Memory of Touch: Chapter II

Memory of Touch: Chapter II
The Kunsthalle Praha Collection in a Dialogue

13/11 2026—12/4 2027
Gallery 3

Curator: Tevž Logar


Memory of Touch, an exhibition unfolding in two chapters, inaugurates the first major exploration of the Kunsthalle Praha Collection. Instead of treating the collection as a fixed and closed entity, it sets historical, post-war, and contemporary works in dialogue with invited Czech artists, allowing their ideas and attitudes to open the collection outward and generate new resonances.

Memory of Touch unfolds in a time that rewards control, certainty, conflict, and immaculate surfaces—a cultural landscape that celebrates efficiency and visibility while concealing what is unguarded, tentative, and imperfect. Against such imperatives, the exhibition offers a quiet counterpoint, turning our gaze toward fragility and vulnerability—not as shortcomings, but as gestures of resilience. To be open, to remain permeable in the face of risk, is not weakness; it is a conscious form of presence and action. From this sensibility, we enter the collection not as a linear chronology, but as a constellation of moments, impressions, and echoes.

The Kunsthalle Praha collection does not appear here as a commentary on history but as an undercurrent—quiet, persistent, and formative.
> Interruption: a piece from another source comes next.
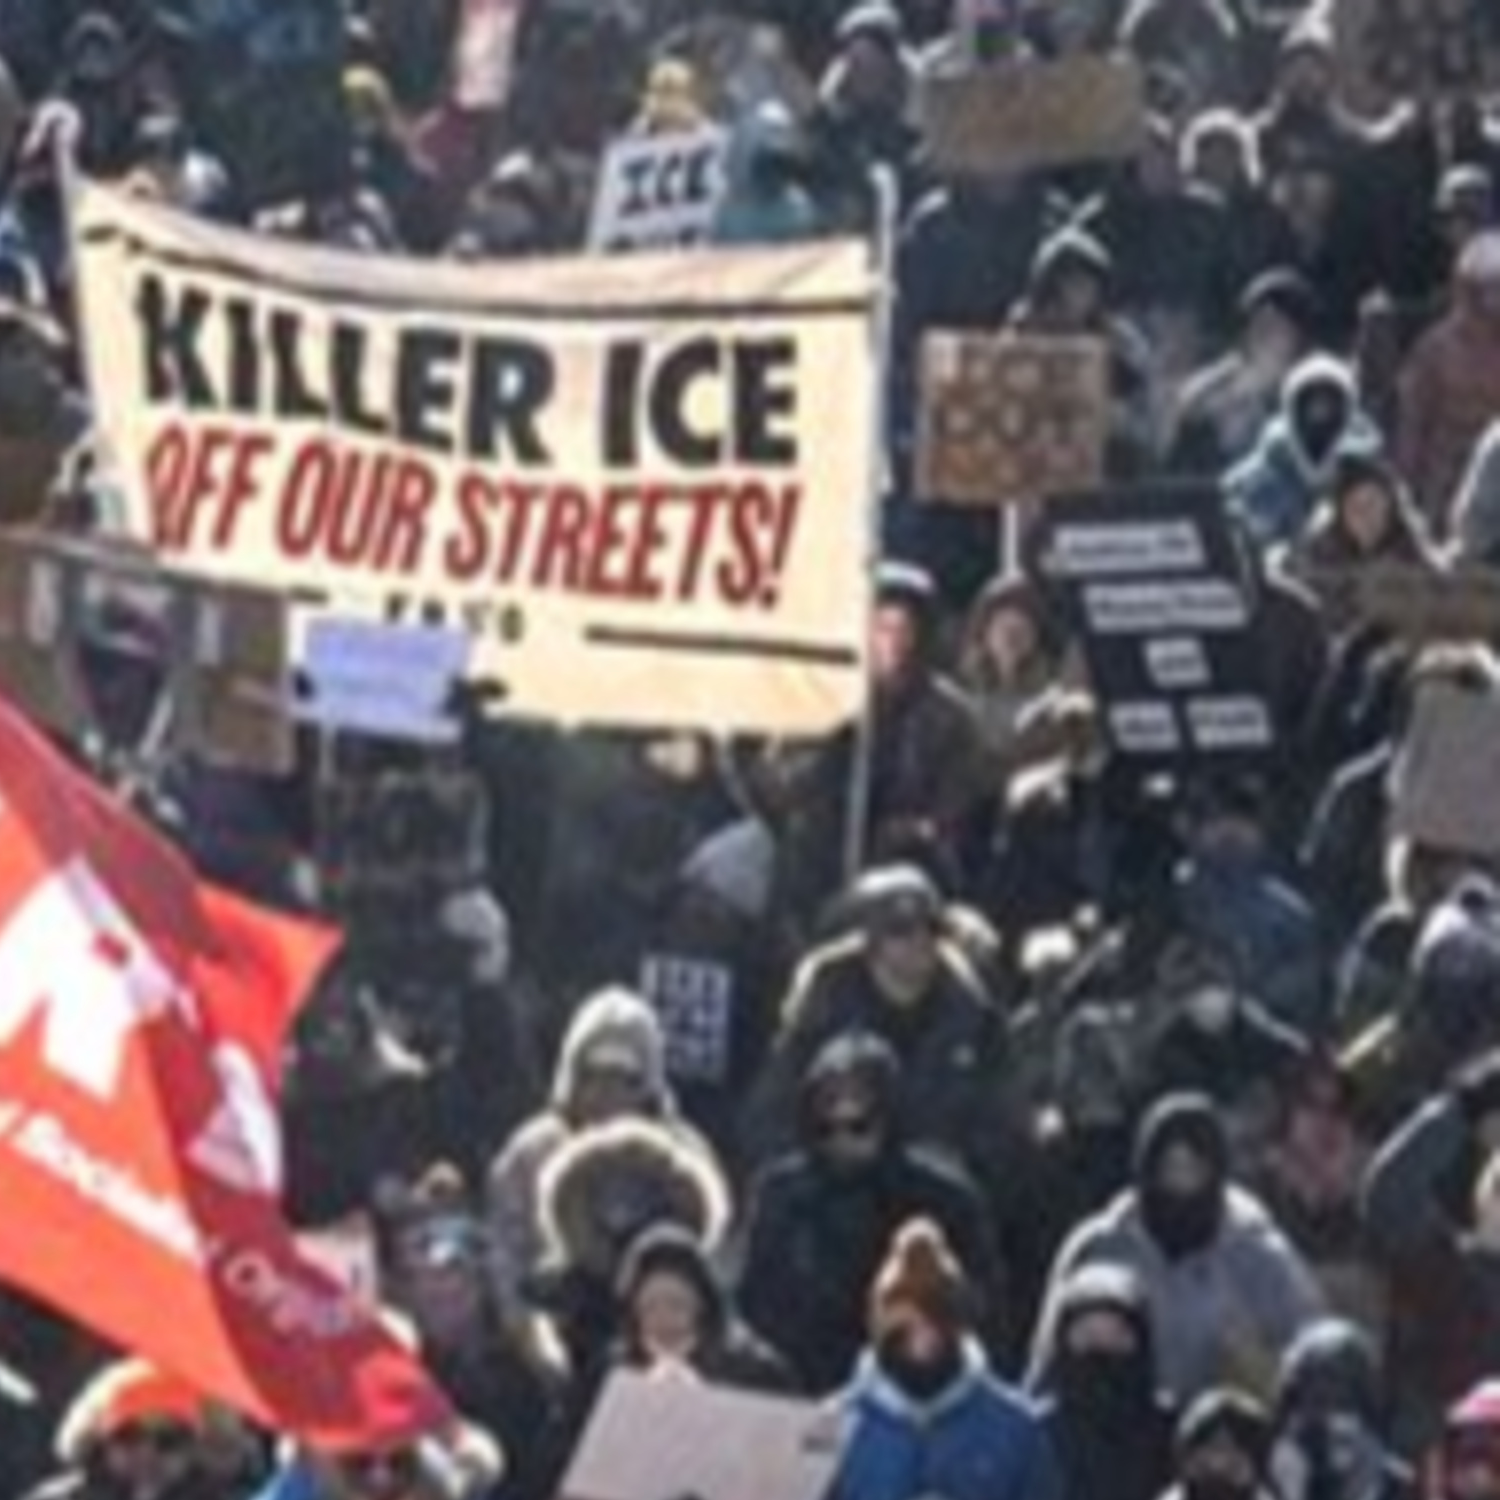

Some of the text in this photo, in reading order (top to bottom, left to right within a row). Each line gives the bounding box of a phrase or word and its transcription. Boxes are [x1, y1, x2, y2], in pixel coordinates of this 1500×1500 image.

It “choreographs” the works not as subjects but as atmospheres; not as lessons but as pulses that ask what the past awakens in us, how it lingers in memory, and how it continues to shape the present. From here, the exhibition turns toward invited contemporary artists—a generation shaped by transition, not from one stable world to another, but within a landscape of shifting systems, dissolving certainties, and fragile forms of belonging. Not those who repeat past forms, but those who inherit their emotional registers: alertness, rupture, and the necessity of quiet insistence.
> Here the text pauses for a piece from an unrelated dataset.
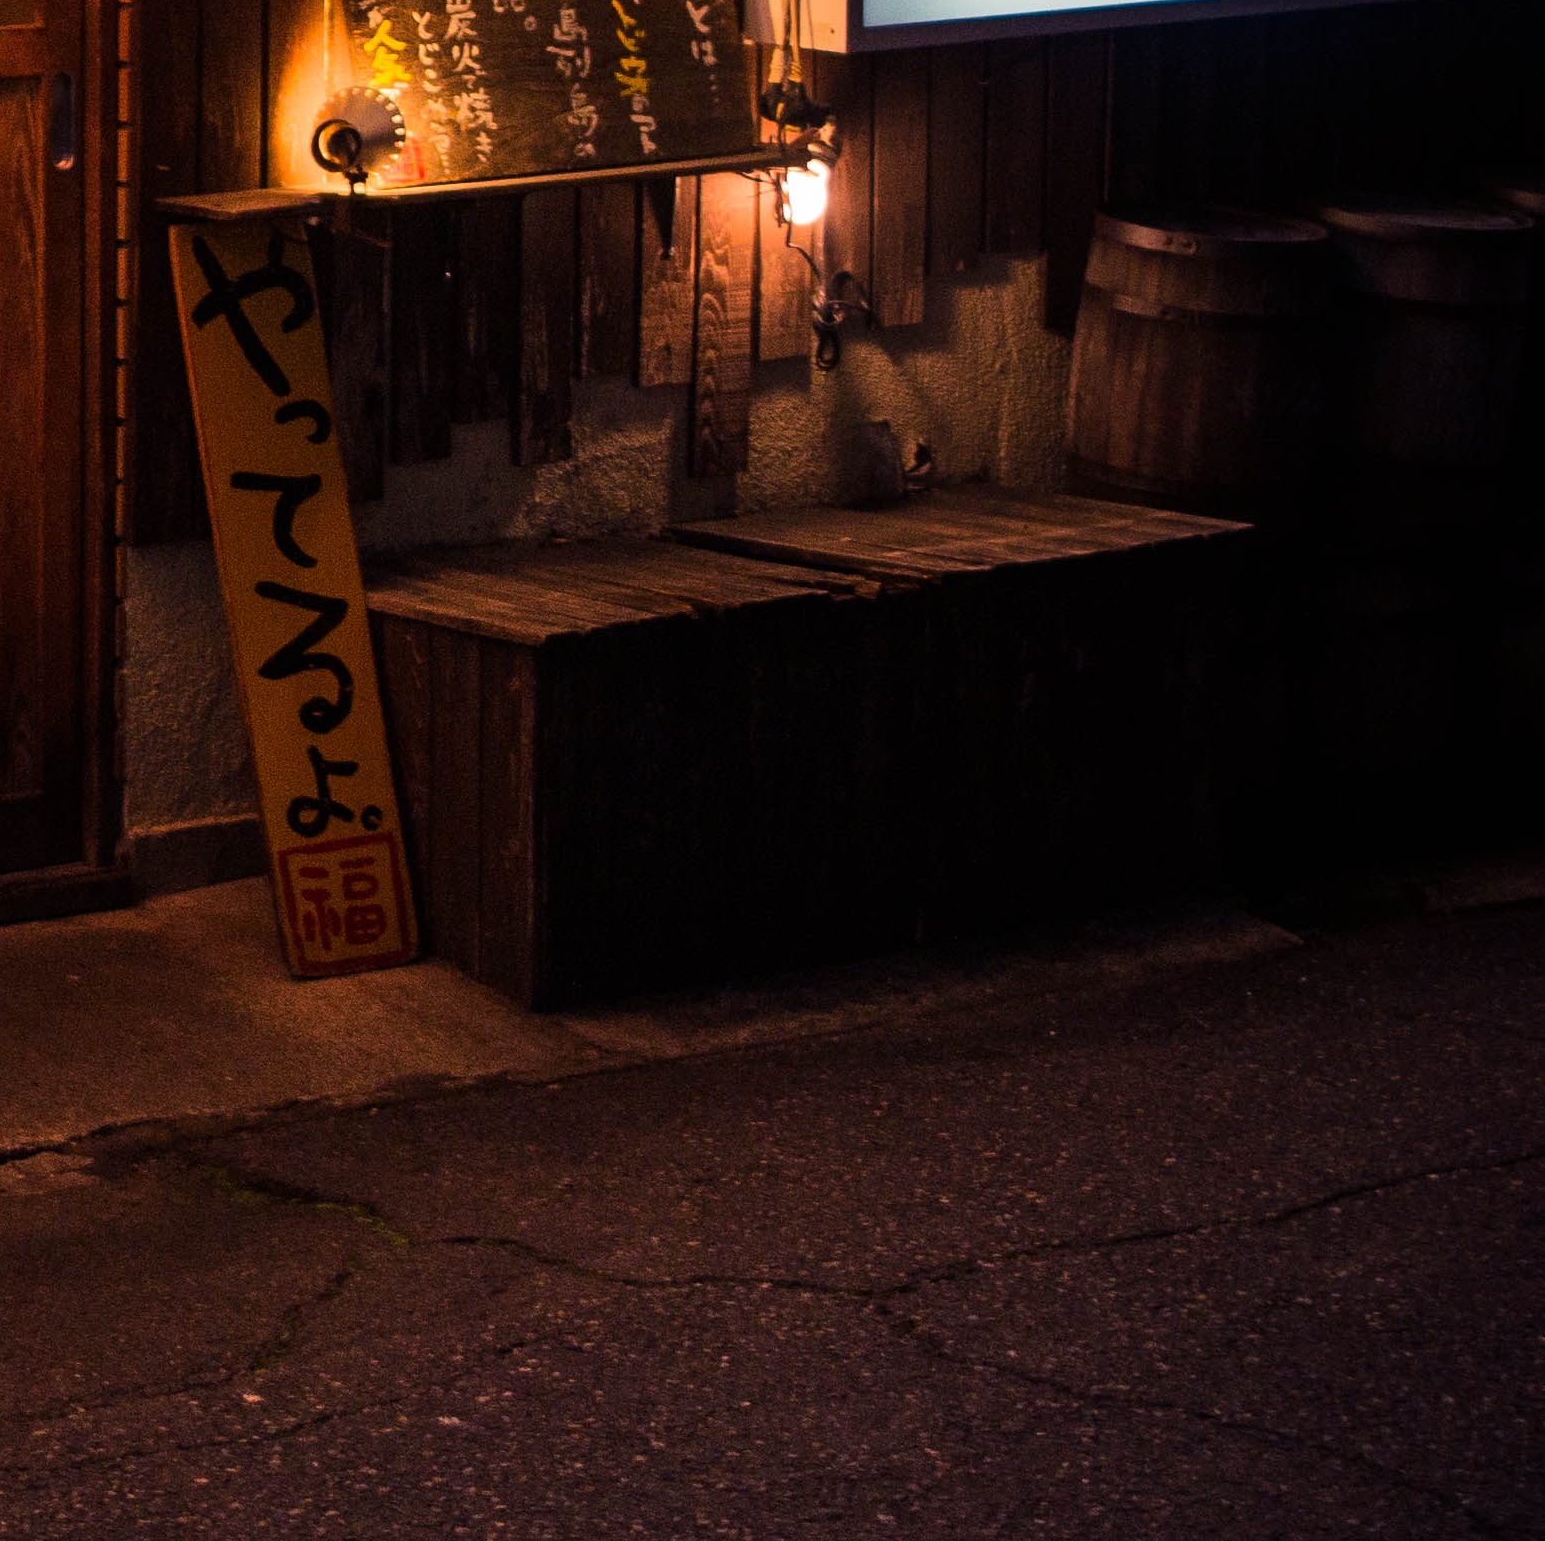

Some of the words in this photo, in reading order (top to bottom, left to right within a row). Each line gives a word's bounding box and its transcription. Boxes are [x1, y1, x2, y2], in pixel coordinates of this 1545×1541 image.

[191, 232, 383, 838] やってるよ。
[299, 858, 389, 950] 福
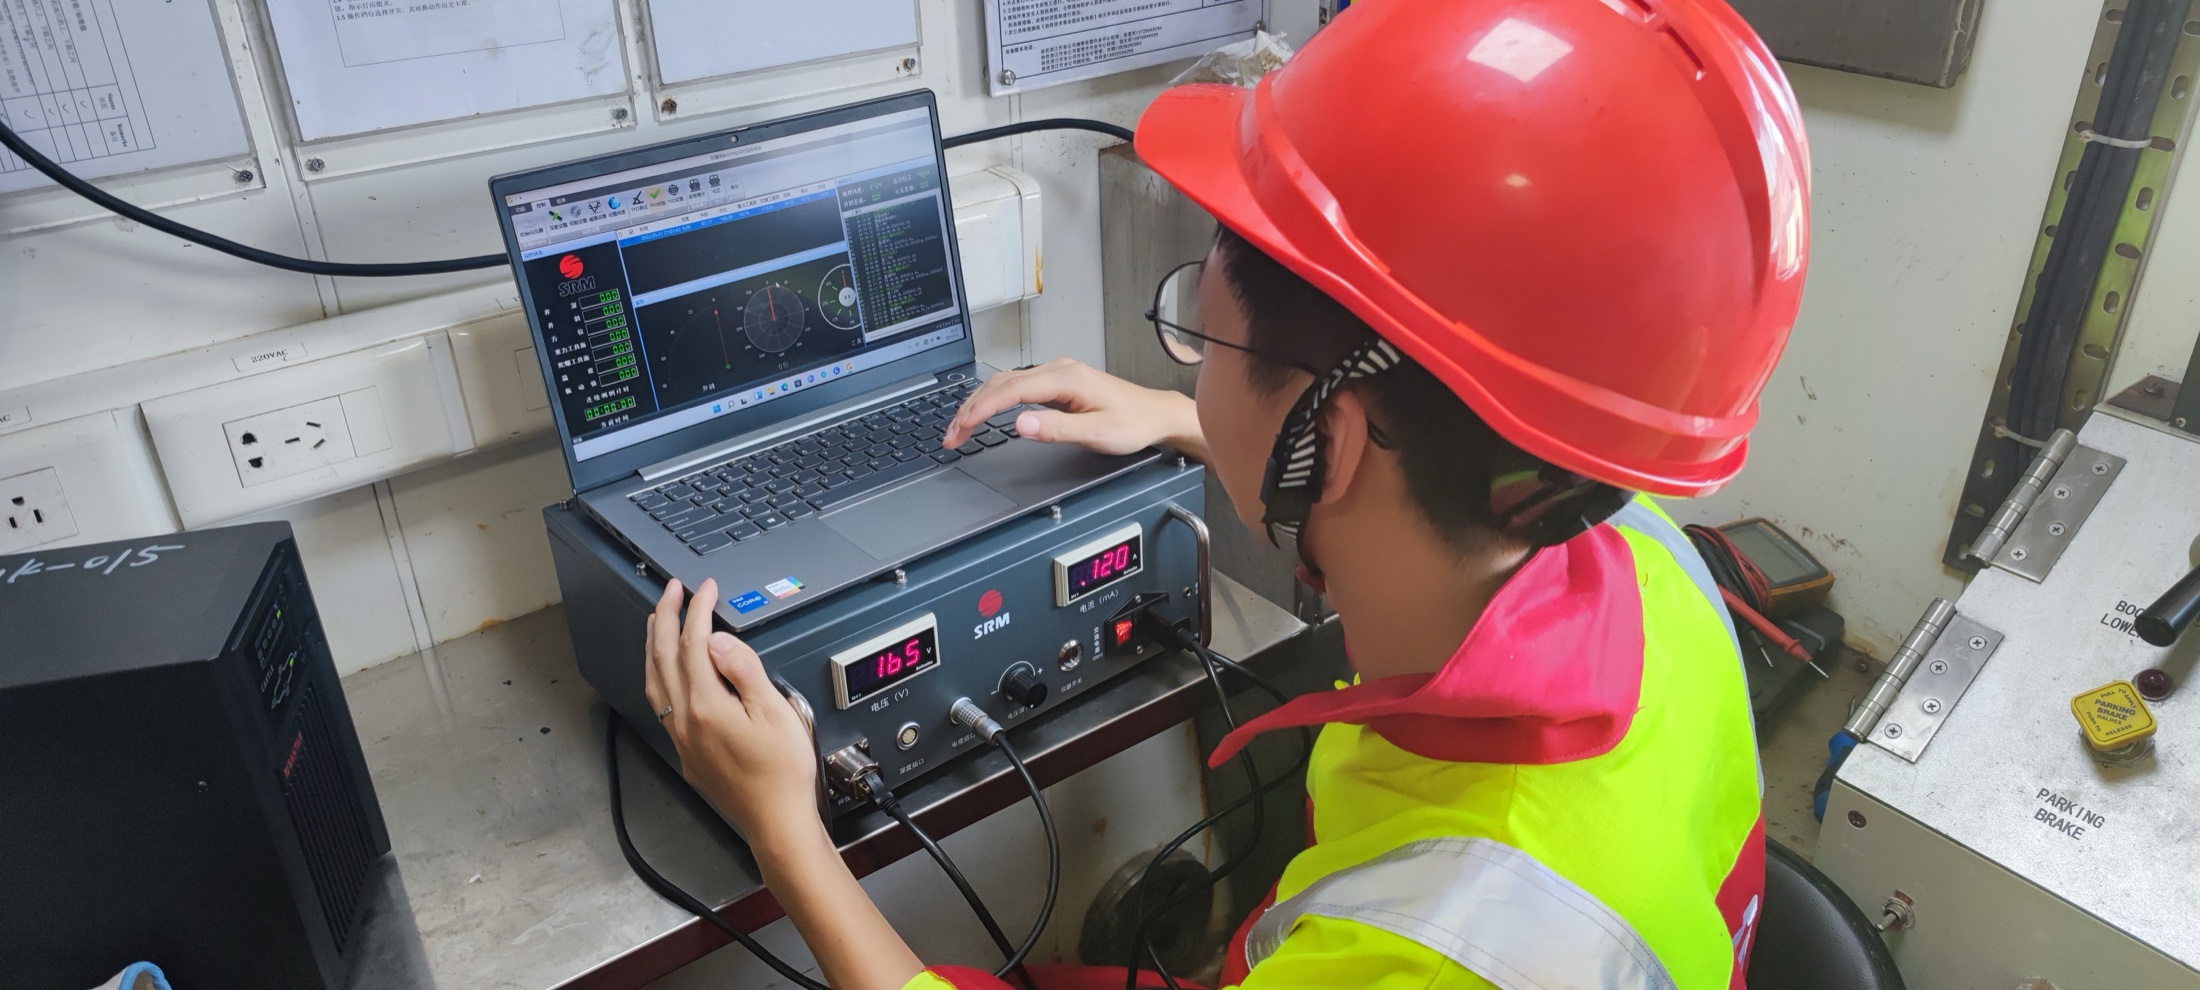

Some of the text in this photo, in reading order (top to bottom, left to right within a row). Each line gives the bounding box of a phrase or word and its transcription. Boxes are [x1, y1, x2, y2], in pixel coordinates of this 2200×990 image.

Through the interplay between the collection and the invited artists, various dialogues emerge—between intimacy and distance, discomfort and pleasure, material and ephemeral. These tensions establish fragility as a method, not as a theme, while the exhibition structurally unfolds in two complementary chapters: the first explores it as a form of resistance, the second as a lived condition and presence and together they form a single movement that binds the aesthetic, historical, and affective ideas. Across generations, artists fracture form, work with unstable materials and disrupt concepts to ignite an attitude that reflects worlds marked by rupture—from avant-garde experiments and postwar works shaped by censorship to contemporary practices responding to ecological, social, and emotional precarity. These layered dialogues bring a wide spectrum of media into deliberate juxtaposition—painting, drawing, installation, sculpture, photography, and video—reawakening the past within the urgencies of the present. And in doing so, they assert fragility as a living language of our time: delicate yet resilient, uncertain yet generative."

During the exhibition, visitors will have access to a multilingual audioguide created in collaboration between Kunsthalle Praha and the Cabinet of Wonders platform.


CHAPTER I

CHAPTER II

The second chapter illuminates fragility as a lived and social condition — a mode of presence shaped by exposure, sensitivity, and the permeability of being in the world. It considers how artists across different periods have made tenderness and vulnerability visible not as signs of weakness, but as deliberate gestures of strength and self-positioning within society. The dialogue weaves together early avant-garde works in which the uncertainty of war and process towards a young republic manifests through expressive tension and open emotional gesture; postwar works forged under normalization and surveillance, where fragility appears in silences, pauses, and the bare fact of existence — yet equally in acts of quiet resilience; and contemporary practices that embrace emotional transparency, unfinished forms, and exposed gestures to address grief, care, precarious bodies, intimacy, and endurance within today’s fractured social terrain. The presence of younger artists illuminates fragility as a contemporary form of resistance — enacted through ephemerality, ambiguity, and the refusal of spectacle. Their works resonate with earlier generations not by citation, but by sustaining an ethos of openness in the face of social pressure. More intimate and contemplative in tone, this section unfolds as a sequence of encounters — quiet, vulnerable, sometimes raw — where fragility becomes not merely an aesthetic strategy, but a felt, embodied, and socially inscribed way of being.